The emotional, frequently contentious nature of custody disputes, often produced in the wake of fracturing relationships, can cloud the parties’ focus on solutions that truly serve a child’s best interests. Making sure a child stays in contact with both parents requires continued communication between parties who may feel intense hostility toward each other. It is not surprising, then, that HIV has been used as a weapon in custody proceedings, a product of either ignorance and fear, or a willingness to exploit phobic perceptions of HIV and the behavior that causes its transmission.

Courts afford the rights of biological parents considerable weight in custody disputes. However, these rights are not inviolate, and the standard which family courts employ in resolving custody matters is a determination of what is in “the best interests of the child.” Needless to say, “best” is a standard that is subject to all manner of subjective views and values.

Fortunately, most reported custody cases that focus on HIV status have rejected arguments that a parent’s or household member’s HIV infection should control a decision as to who can best parent a child. Most recently, a 1995 state appeals court decision in Kentucky, Newton v. Riley, upheld the rejection of a father’s request for sole custody based on his ex-wife’s marriage to a man with AIDS. The court noted the widely accepted conclusion that there is no risk of HIV infection through close personal contact or normal household activities. One state, Florida, has enacted a statute forbidding the denial of custody to a biological parent or grandparent solely because that person has HIV.
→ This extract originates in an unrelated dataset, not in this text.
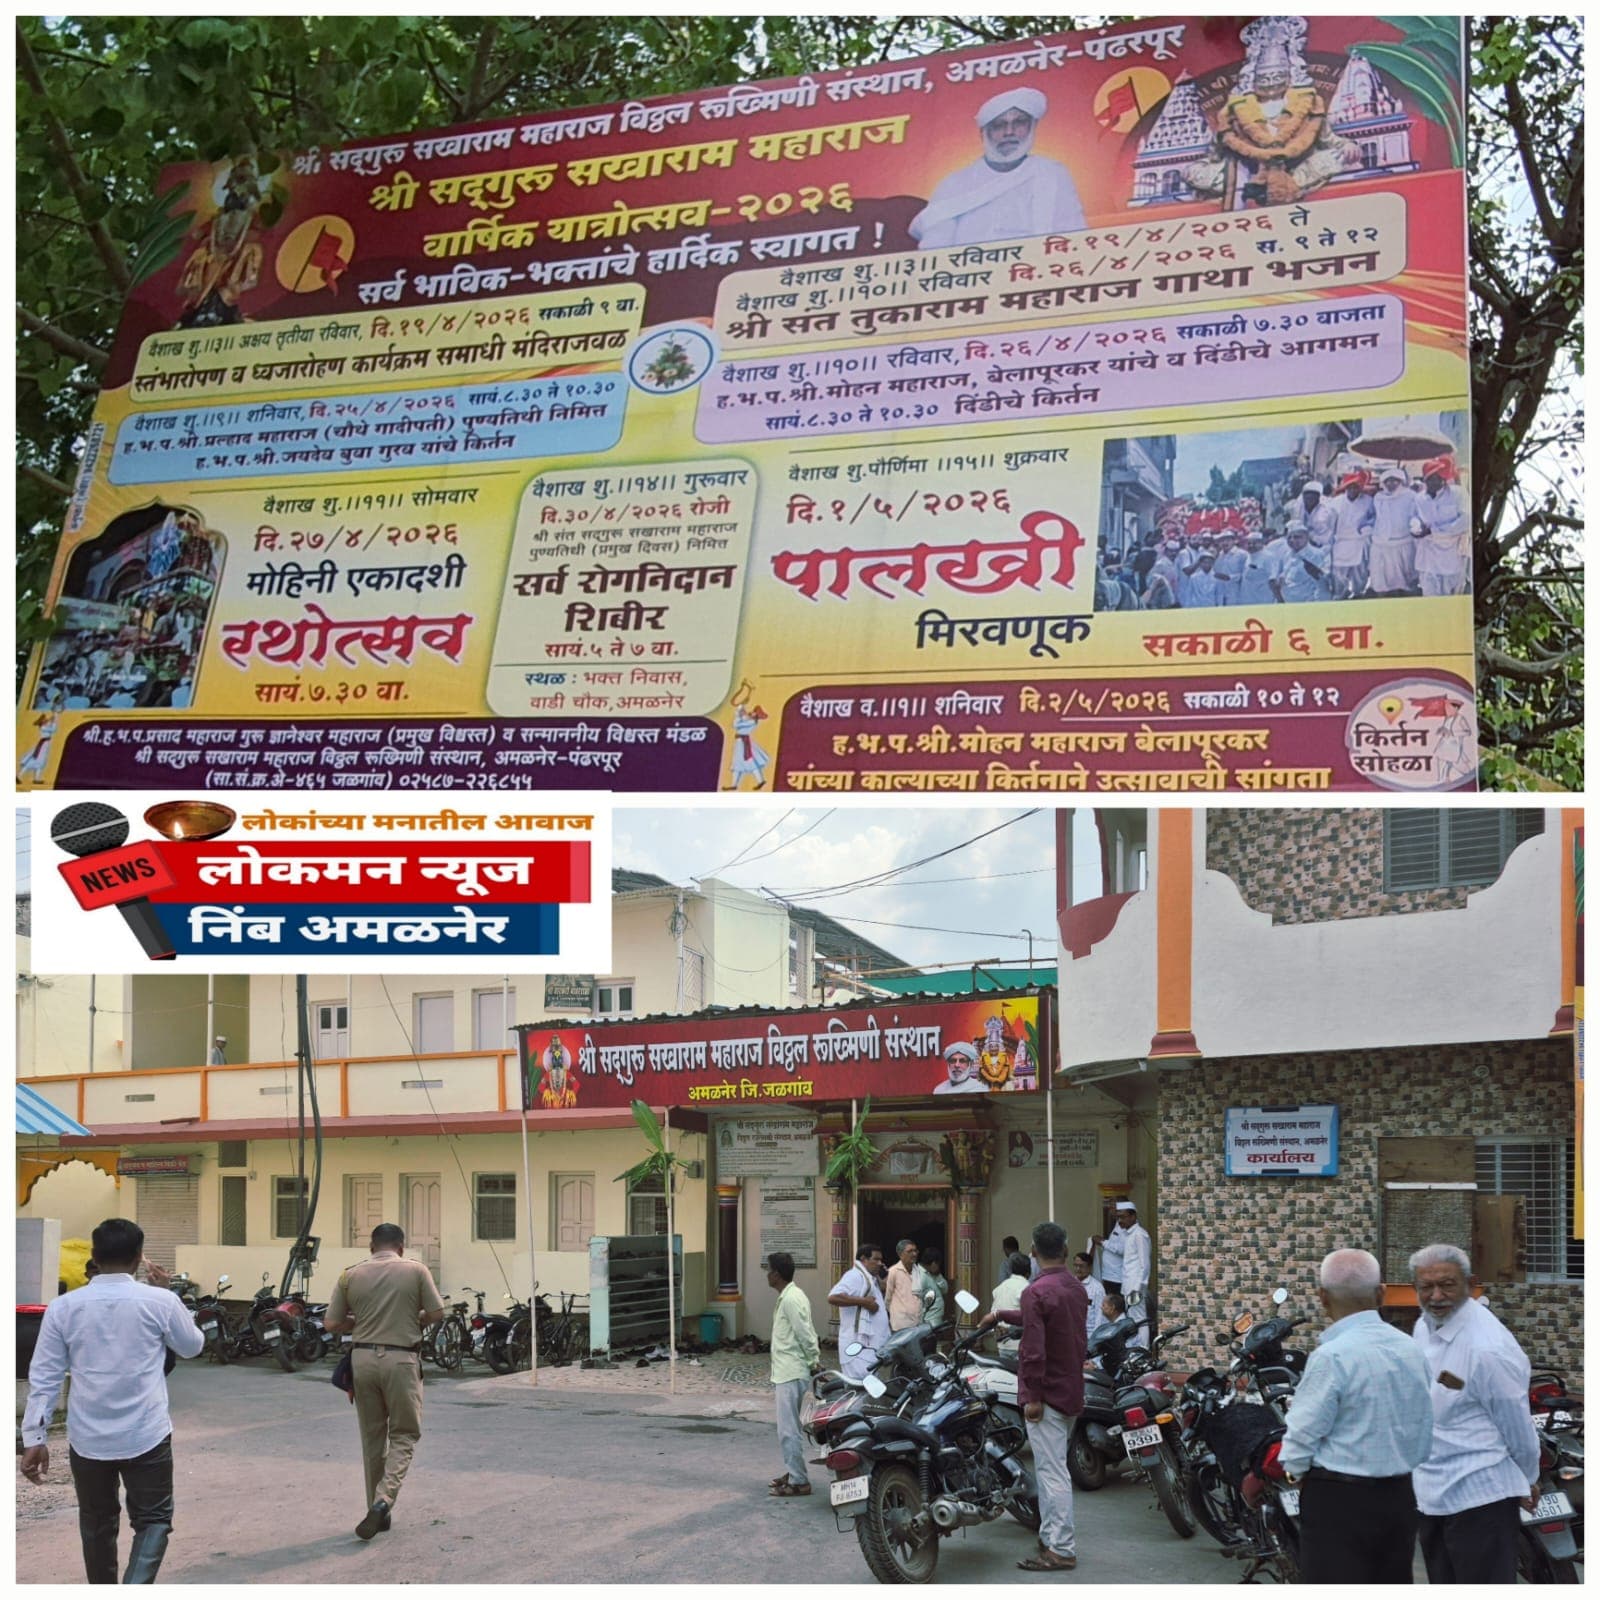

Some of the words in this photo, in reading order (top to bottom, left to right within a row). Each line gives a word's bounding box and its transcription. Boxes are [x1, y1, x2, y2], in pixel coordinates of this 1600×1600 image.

In adoption cases, in which deference to the rights of the biological parents plays a different role, the results are less predictable. In the 1993 case of The Adoption of Nicholle Johnson, the Indiana Court of Appeals affirmed a trial judge’s decision to allow a biological mother to withdraw her consent to the adoption of her child after learning that both the prospective mother and father who had cared for the child since birth were HIV positive. The following year, a Florida judge awarded custody of a three-year-old to the adoptive father’s parents, reasoning this would be less traumatic than living with parents who were going to die. However, in the more recent case of The Interest of John T., a Nebraska appellate court concluded that a state agency’s plan to remove a toddler from his foster parents solely because the foster mother had HIV was not in the child’s best interests. The court wisely noted that it was not its role to “save” the child from one tragedy by replacing it with another -- the loss of both parents with whom he shared a strong bond. [For more on the Nebraska and Florida adoption cases, see "The Parent Trap".]

The health of a prospective parent is a relevant factor in determining the appropriateness of an adoption. What remains largely unregulated and unresolved is the extent to which a potential parent’s life-shortening disability should act as a bar to adoption. It’s clear that the Americans With Disabilities Act applies to adoption authorities, but it has remained a largely untapped resource. It is likely to be invoked in the future to block unreasonable interference with the rights and abilities of people with disabilities, including HIV, to parent.